_WHAT THE EXERCISE ASKS:_
Your job is to copy every record exactly.

Records from a dataset
# # # # #
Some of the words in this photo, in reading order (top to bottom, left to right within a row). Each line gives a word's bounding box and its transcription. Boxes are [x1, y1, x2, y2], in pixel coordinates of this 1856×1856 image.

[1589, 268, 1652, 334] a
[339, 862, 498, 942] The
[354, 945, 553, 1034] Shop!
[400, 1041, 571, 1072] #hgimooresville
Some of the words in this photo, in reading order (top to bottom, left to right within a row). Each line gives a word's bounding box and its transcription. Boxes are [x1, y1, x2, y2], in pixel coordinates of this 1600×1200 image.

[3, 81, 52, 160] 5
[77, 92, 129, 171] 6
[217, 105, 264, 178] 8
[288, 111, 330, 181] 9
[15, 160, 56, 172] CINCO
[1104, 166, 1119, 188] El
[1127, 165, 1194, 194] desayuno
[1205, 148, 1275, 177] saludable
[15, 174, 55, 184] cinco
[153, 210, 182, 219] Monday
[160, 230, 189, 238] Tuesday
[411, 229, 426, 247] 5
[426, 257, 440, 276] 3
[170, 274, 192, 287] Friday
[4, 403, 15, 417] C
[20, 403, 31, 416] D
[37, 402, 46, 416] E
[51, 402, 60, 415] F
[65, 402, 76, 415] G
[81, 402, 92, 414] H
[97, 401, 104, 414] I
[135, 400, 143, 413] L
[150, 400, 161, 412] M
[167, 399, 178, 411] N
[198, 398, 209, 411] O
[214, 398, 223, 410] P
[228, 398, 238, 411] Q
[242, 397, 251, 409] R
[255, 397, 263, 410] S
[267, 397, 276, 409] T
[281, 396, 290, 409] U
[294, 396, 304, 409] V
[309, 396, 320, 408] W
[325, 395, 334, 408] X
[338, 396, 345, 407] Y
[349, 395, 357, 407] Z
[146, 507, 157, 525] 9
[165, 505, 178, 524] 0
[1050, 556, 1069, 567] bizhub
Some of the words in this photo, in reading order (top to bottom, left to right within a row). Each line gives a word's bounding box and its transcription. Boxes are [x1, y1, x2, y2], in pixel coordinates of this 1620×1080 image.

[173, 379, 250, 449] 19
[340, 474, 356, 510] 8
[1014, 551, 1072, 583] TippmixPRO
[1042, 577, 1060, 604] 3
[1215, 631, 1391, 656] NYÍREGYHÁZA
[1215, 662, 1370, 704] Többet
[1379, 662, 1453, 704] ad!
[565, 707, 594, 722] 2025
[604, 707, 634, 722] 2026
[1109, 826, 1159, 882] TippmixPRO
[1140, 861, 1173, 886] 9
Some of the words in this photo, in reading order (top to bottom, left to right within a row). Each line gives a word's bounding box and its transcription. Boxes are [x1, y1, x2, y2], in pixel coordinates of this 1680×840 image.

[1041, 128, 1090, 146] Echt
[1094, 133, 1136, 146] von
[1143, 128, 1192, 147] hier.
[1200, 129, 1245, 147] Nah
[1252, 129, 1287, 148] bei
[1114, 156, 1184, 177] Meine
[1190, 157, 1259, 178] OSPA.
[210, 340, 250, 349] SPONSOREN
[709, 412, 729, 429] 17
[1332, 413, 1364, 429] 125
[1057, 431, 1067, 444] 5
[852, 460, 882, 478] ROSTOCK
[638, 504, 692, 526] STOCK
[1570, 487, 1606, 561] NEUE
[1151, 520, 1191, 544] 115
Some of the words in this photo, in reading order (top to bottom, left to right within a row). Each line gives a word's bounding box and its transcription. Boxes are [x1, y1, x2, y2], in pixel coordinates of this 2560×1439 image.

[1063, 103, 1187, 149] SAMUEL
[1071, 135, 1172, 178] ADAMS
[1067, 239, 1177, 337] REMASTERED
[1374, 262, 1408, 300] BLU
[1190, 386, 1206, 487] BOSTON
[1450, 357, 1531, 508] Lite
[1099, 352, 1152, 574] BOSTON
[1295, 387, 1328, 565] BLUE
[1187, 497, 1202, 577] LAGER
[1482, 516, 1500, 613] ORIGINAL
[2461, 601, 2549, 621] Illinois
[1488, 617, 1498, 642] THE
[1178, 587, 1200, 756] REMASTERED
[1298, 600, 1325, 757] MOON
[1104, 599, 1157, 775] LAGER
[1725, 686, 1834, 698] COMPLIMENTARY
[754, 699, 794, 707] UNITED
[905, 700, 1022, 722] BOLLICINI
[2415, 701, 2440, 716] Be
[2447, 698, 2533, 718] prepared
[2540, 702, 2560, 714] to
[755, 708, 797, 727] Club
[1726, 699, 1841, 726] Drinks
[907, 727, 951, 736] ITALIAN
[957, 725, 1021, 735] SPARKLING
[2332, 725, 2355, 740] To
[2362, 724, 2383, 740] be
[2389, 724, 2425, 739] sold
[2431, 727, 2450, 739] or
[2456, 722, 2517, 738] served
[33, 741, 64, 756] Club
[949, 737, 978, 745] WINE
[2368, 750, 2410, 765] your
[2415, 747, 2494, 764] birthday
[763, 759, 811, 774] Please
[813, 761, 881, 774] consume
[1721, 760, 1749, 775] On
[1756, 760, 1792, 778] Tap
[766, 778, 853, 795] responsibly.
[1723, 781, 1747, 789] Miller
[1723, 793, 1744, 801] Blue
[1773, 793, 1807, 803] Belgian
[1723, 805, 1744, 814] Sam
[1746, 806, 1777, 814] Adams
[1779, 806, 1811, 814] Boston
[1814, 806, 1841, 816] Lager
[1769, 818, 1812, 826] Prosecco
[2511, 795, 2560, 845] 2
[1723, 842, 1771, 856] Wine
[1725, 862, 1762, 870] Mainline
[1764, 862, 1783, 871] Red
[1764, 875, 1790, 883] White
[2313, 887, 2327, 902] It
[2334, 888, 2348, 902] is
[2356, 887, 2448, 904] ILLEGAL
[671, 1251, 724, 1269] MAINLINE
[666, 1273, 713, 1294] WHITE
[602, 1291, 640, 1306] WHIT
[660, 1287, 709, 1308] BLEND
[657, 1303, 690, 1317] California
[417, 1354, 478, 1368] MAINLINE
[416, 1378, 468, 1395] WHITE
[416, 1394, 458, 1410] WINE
# # # # #
_YOUR SOLUTION:_
Some of the words in this photo, in reading order (top to bottom, left to right within a row). Each line gives a word's bounding box and its transcription. Boxes are [x1, y1, x2, y2], in pixel coordinates of this 1856×1856 image.

[1589, 268, 1652, 334] a
[339, 862, 498, 942] The
[354, 945, 553, 1034] Shop!
[400, 1041, 571, 1072] #hgimooresville
Some of the words in this photo, in reading order (top to bottom, left to right within a row). Each line gives a word's bounding box and its transcription. Boxes are [x1, y1, x2, y2], in pixel coordinates of this 1600×1200 image.

[3, 81, 52, 160] 5
[77, 92, 129, 171] 6
[217, 105, 264, 178] 8
[288, 111, 330, 181] 9
[15, 160, 56, 172] CINCO
[1104, 166, 1119, 188] El
[1127, 165, 1194, 194] desayuno
[1205, 148, 1275, 177] saludable
[15, 174, 55, 184] cinco
[153, 210, 182, 219] Monday
[160, 230, 189, 238] Tuesday
[411, 229, 426, 247] 5
[426, 257, 440, 276] 3
[170, 274, 192, 287] Friday
[4, 403, 15, 417] C
[20, 403, 31, 416] D
[37, 402, 46, 416] E
[51, 402, 60, 415] F
[65, 402, 76, 415] G
[81, 402, 92, 414] H
[97, 401, 104, 414] I
[135, 400, 143, 413] L
[150, 400, 161, 412] M
[167, 399, 178, 411] N
[198, 398, 209, 411] O
[214, 398, 223, 410] P
[228, 398, 238, 411] Q
[242, 397, 251, 409] R
[255, 397, 263, 410] S
[267, 397, 276, 409] T
[281, 396, 290, 409] U
[294, 396, 304, 409] V
[309, 396, 320, 408] W
[325, 395, 334, 408] X
[338, 396, 345, 407] Y
[349, 395, 357, 407] Z
[146, 507, 157, 525] 9
[165, 505, 178, 524] 0
[1050, 556, 1069, 567] bizhub
Some of the words in this photo, in reading order (top to bottom, left to right within a row). Each line gives a word's bounding box and its transcription. Boxes are [x1, y1, x2, y2], in pixel coordinates of this 1620×1080 image.

[173, 379, 250, 449] 19
[340, 474, 356, 510] 8
[1014, 551, 1072, 583] TippmixPRO
[1042, 577, 1060, 604] 3
[1215, 631, 1391, 656] NYÍREGYHÁZA
[1215, 662, 1370, 704] Többet
[1379, 662, 1453, 704] ad!
[565, 707, 594, 722] 2025
[604, 707, 634, 722] 2026
[1109, 826, 1159, 882] TippmixPRO
[1140, 861, 1173, 886] 9
Some of the words in this photo, in reading order (top to bottom, left to right within a row). Each line gives a word's bounding box and its transcription. Boxes are [x1, y1, x2, y2], in pixel coordinates of this 1680×840 image.

[1041, 128, 1090, 146] Echt
[1094, 133, 1136, 146] von
[1143, 128, 1192, 147] hier.
[1200, 129, 1245, 147] Nah
[1252, 129, 1287, 148] bei
[1114, 156, 1184, 177] Meine
[1190, 157, 1259, 178] OSPA.
[210, 340, 250, 349] SPONSOREN
[709, 412, 729, 429] 17
[1332, 413, 1364, 429] 125
[1057, 431, 1067, 444] 5
[852, 460, 882, 478] ROSTOCK
[638, 504, 692, 526] STOCK
[1570, 487, 1606, 561] NEUE
[1151, 520, 1191, 544] 115
Some of the words in this photo, in reading order (top to bottom, left to right within a row). Each line gives a word's bounding box and its transcription. Boxes are [x1, y1, x2, y2], in pixel coordinates of this 2560×1439 image.

[1063, 103, 1187, 149] SAMUEL
[1071, 135, 1172, 178] ADAMS
[1067, 239, 1177, 337] REMASTERED
[1374, 262, 1408, 300] BLU
[1190, 386, 1206, 487] BOSTON
[1450, 357, 1531, 508] Lite
[1099, 352, 1152, 574] BOSTON
[1295, 387, 1328, 565] BLUE
[1187, 497, 1202, 577] LAGER
[1482, 516, 1500, 613] ORIGINAL
[2461, 601, 2549, 621] Illinois
[1488, 617, 1498, 642] THE
[1178, 587, 1200, 756] REMASTERED
[1298, 600, 1325, 757] MOON
[1104, 599, 1157, 775] LAGER
[1725, 686, 1834, 698] COMPLIMENTARY
[754, 699, 794, 707] UNITED
[905, 700, 1022, 722] BOLLICINI
[2415, 701, 2440, 716] Be
[2447, 698, 2533, 718] prepared
[2540, 702, 2560, 714] to
[755, 708, 797, 727] Club
[1726, 699, 1841, 726] Drinks
[907, 727, 951, 736] ITALIAN
[957, 725, 1021, 735] SPARKLING
[2332, 725, 2355, 740] To
[2362, 724, 2383, 740] be
[2389, 724, 2425, 739] sold
[2431, 727, 2450, 739] or
[2456, 722, 2517, 738] served
[33, 741, 64, 756] Club
[949, 737, 978, 745] WINE
[2368, 750, 2410, 765] your
[2415, 747, 2494, 764] birthday
[763, 759, 811, 774] Please
[813, 761, 881, 774] consume
[1721, 760, 1749, 775] On
[1756, 760, 1792, 778] Tap
[766, 778, 853, 795] responsibly.
[1723, 781, 1747, 789] Miller
[1723, 793, 1744, 801] Blue
[1773, 793, 1807, 803] Belgian
[1723, 805, 1744, 814] Sam
[1746, 806, 1777, 814] Adams
[1779, 806, 1811, 814] Boston
[1814, 806, 1841, 816] Lager
[1769, 818, 1812, 826] Prosecco
[2511, 795, 2560, 845] 2
[1723, 842, 1771, 856] Wine
[1725, 862, 1762, 870] Mainline
[1764, 862, 1783, 871] Red
[1764, 875, 1790, 883] White
[2313, 887, 2327, 902] It
[2334, 888, 2348, 902] is
[2356, 887, 2448, 904] ILLEGAL
[671, 1251, 724, 1269] MAINLINE
[666, 1273, 713, 1294] WHITE
[602, 1291, 640, 1306] WHIT
[660, 1287, 709, 1308] BLEND
[657, 1303, 690, 1317] California
[417, 1354, 478, 1368] MAINLINE
[416, 1378, 468, 1395] WHITE
[416, 1394, 458, 1410] WINE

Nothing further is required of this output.